More than 20 bridges and other public works projects built or designed by the Nebraska Department of Transportation and its predecessors, including the Nebraska Department of Roads and the Nebraska Bureau of Roads & Bridges, have been listed on the U.S. National Register of Historic Places. Many were registered after a 1996 study seeking to inventory historic bridges in Nebraska and pursuant to a Multiple Property Submission titled "Highway Bridges in Nebraska." The projects listed on the National Register include:

- Ashland Bridge (1936), Silver Street over Salt Creek, Ashland, Nebraska (Nebraska Bureau of Roads & Bridges)

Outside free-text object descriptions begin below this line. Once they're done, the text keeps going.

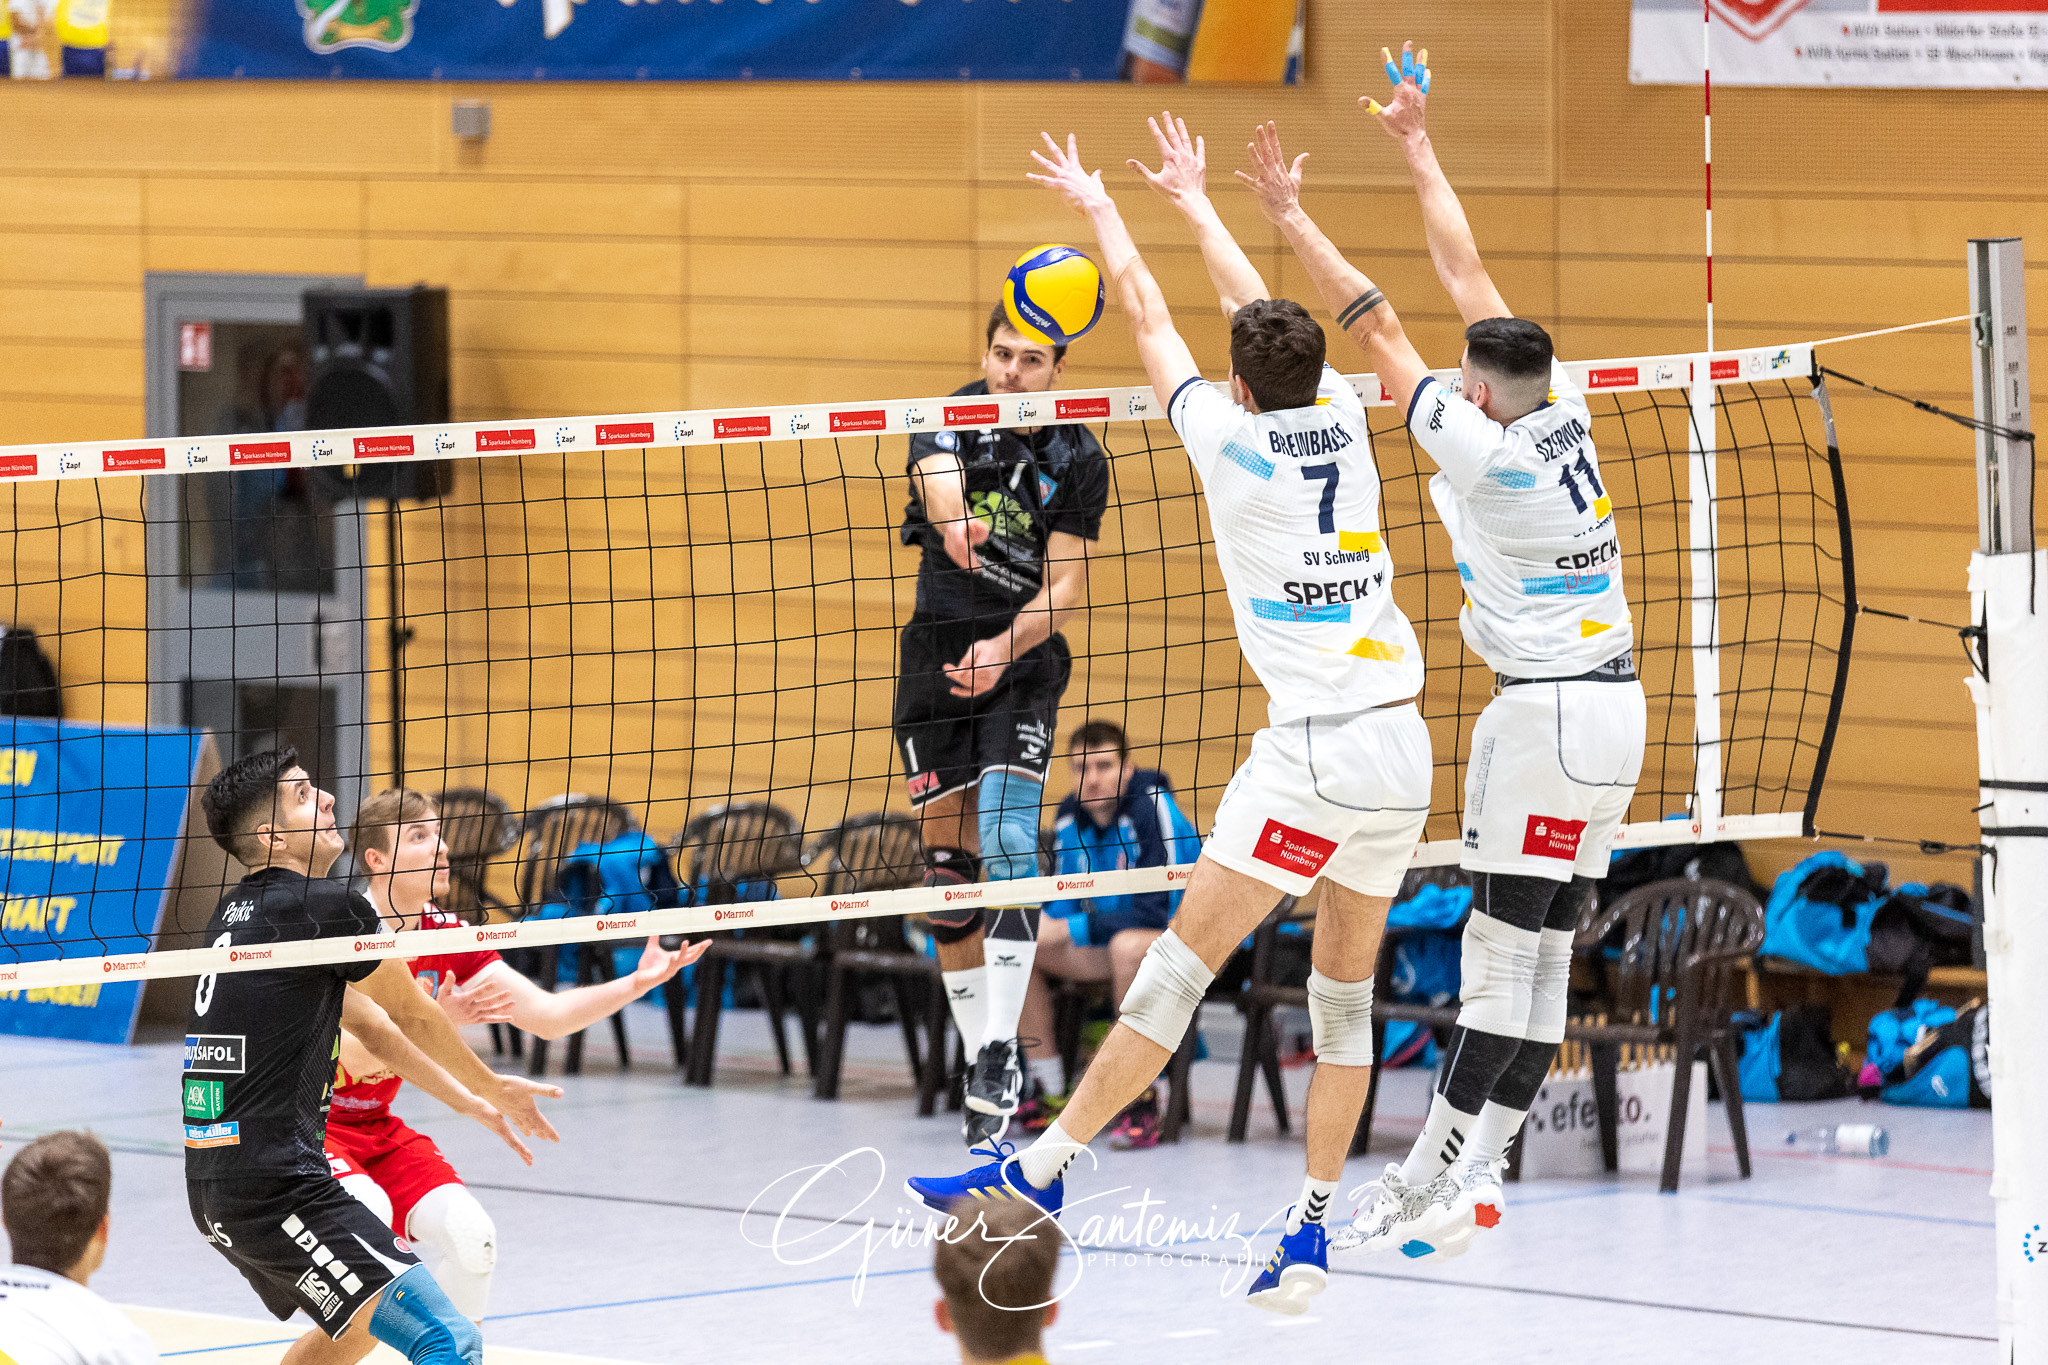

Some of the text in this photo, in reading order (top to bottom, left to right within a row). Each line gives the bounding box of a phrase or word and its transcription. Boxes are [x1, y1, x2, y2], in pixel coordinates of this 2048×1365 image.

[1067, 405, 1107, 415] Sparkasse Nürnberg
[1134, 404, 1147, 412] Zapf
[956, 412, 996, 422] Sparkasse Nürnberg
[1023, 410, 1037, 418] Zapf
[841, 418, 883, 428] Sparkasse Nürnberg
[911, 416, 925, 424] Zapf
[726, 424, 768, 434] Sparkasse Nürnberg
[796, 423, 810, 431] Zapf
[608, 430, 651, 440] Sparkasse Nürnberg
[680, 429, 694, 437] Zapf
[488, 437, 532, 447] Sparkasse Nürnberg
[561, 435, 576, 443] Zapf
[366, 443, 411, 454] Sparkasse Nürnberg
[441, 442, 455, 450] Zapf
[242, 450, 287, 460] Sparkasse Nürnberg
[318, 448, 333, 457] Zapf
[116, 456, 162, 466] Sparkasse Nürnberg
[193, 455, 208, 464] Zapf
[12, 464, 34, 472] Nürnberg
[66, 462, 81, 470] Zapf
[1558, 447, 1604, 515] 11
[1300, 461, 1340, 534] 7
[1303, 547, 1370, 566] SV Schwaig
[1283, 577, 1369, 605] SPECK
[1550, 829, 1577, 841] Sparka
[1284, 840, 1324, 860] Sparkasse
[1548, 840, 1576, 851] Nürnb
[1280, 849, 1318, 870] Nürnberg
[1064, 879, 1094, 890] Marmot
[952, 889, 983, 900] Marmot
[839, 899, 870, 910] Marmot
[0, 891, 78, 935] HAFT
[723, 909, 754, 919] Marmot
[605, 919, 637, 930] Marmot
[485, 930, 517, 941] Marmot
[363, 939, 396, 950] Marmot
[239, 950, 272, 960] Marmot
[112, 961, 146, 971] Marmot
[187, 1086, 206, 1106] AOK

- Berry State Aid Bridge (1920–1921), county road over the Niobrara River, 10 mi northeast of Valentine, Nebraska (Nebraska Bureau of Roads & Bridges)
- Brownson Viaduct (1942), Nebraska Highway Spur 17A over U.S. Route 30 and Union Pacific Railroad tracks, .8 mi northwest of Brownson, Nebraska (Nebraska Bureau of Highways)

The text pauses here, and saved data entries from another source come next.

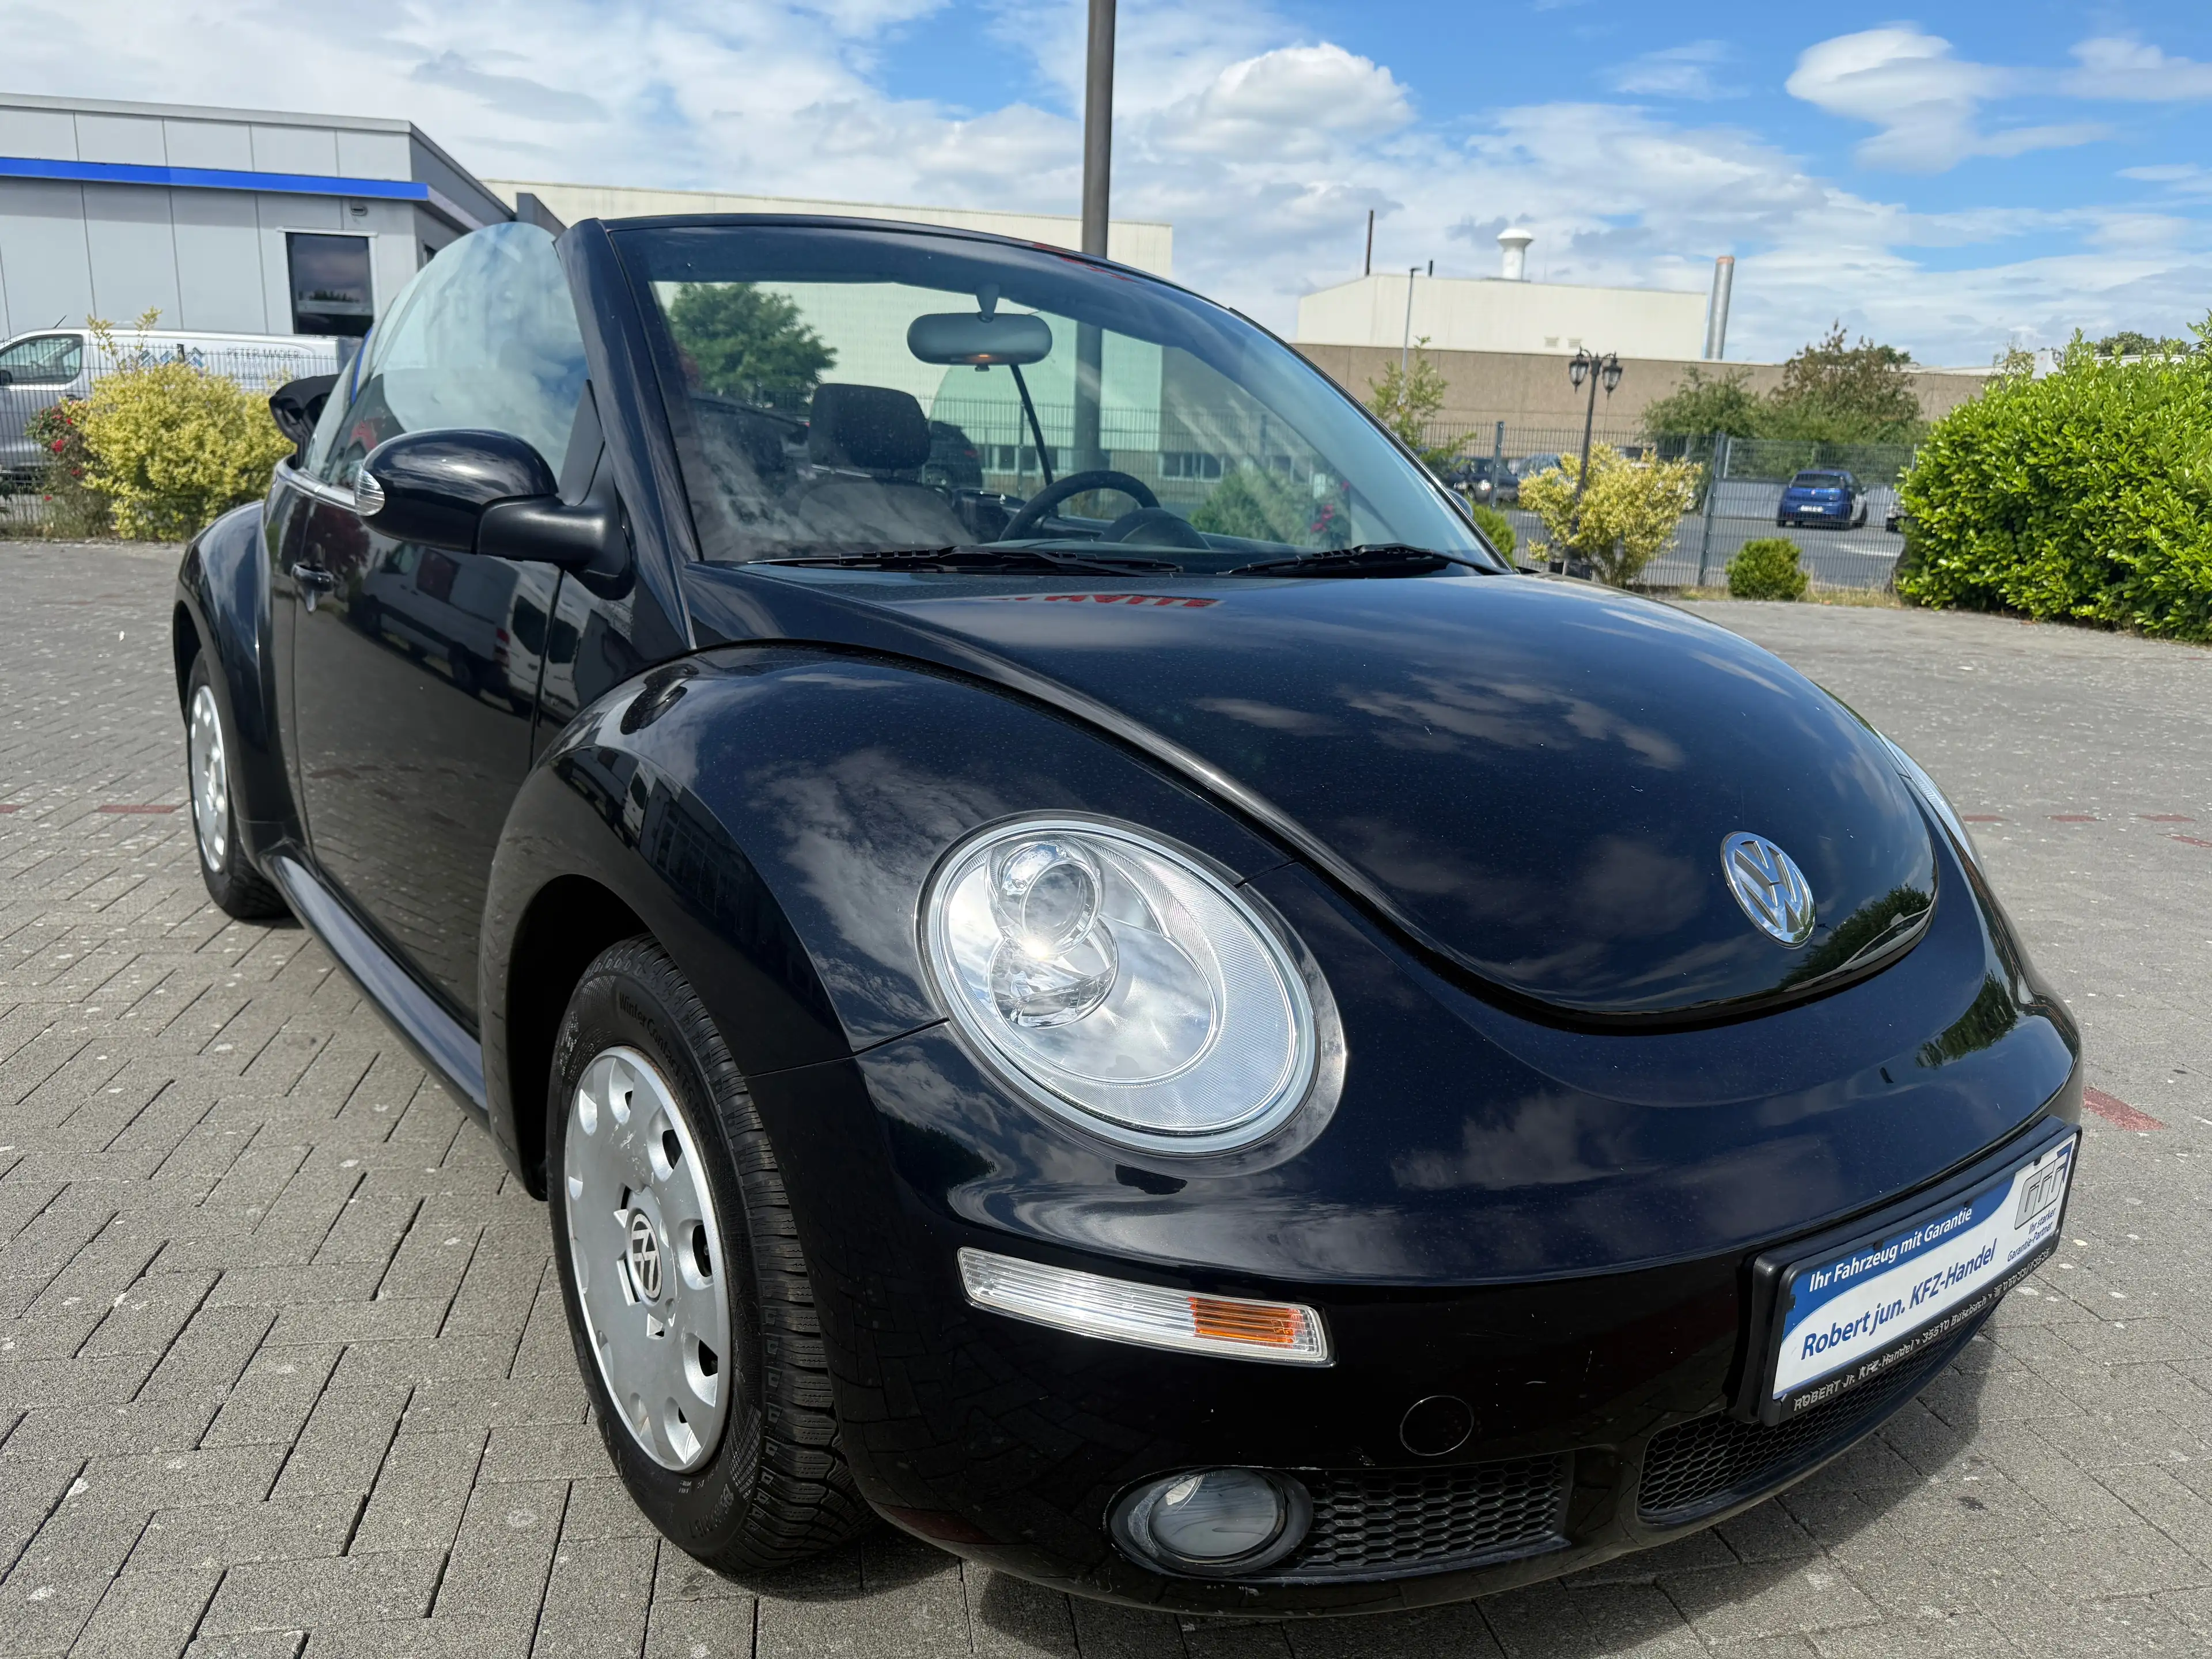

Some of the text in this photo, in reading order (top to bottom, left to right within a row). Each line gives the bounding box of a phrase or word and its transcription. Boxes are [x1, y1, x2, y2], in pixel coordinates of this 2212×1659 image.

[1809, 1207, 1972, 1292] Ihr Fahrzeug mit Garantie
[2008, 1221, 2053, 1262] Garantie-Partner
[2028, 1207, 2056, 1235] Ihr starker
[1801, 1238, 1997, 1361] Robert jun. KFZ-Handel
[1794, 1380, 1841, 1411] ROBERT
[1858, 1339, 1915, 1380] KFZ-Handel
[1922, 1319, 1950, 1344] 35510

- Bryan Bridge (1932), U.S. Route 20, Valentine, Nebraska (Nebraska Division of Bridge Design)
- Burwell Bridge (1940–1941), Nebraska Highway 11 over the North Loup River, Burwell, Nebraska (Nebraska Bureau of Roads & Bridges)
- Columbus Loup River Bridge (1932–1933), U.S. Route 30 over the Loup River, Columbus, Nebraska (Nebraska Bureau of Roads & Bridges)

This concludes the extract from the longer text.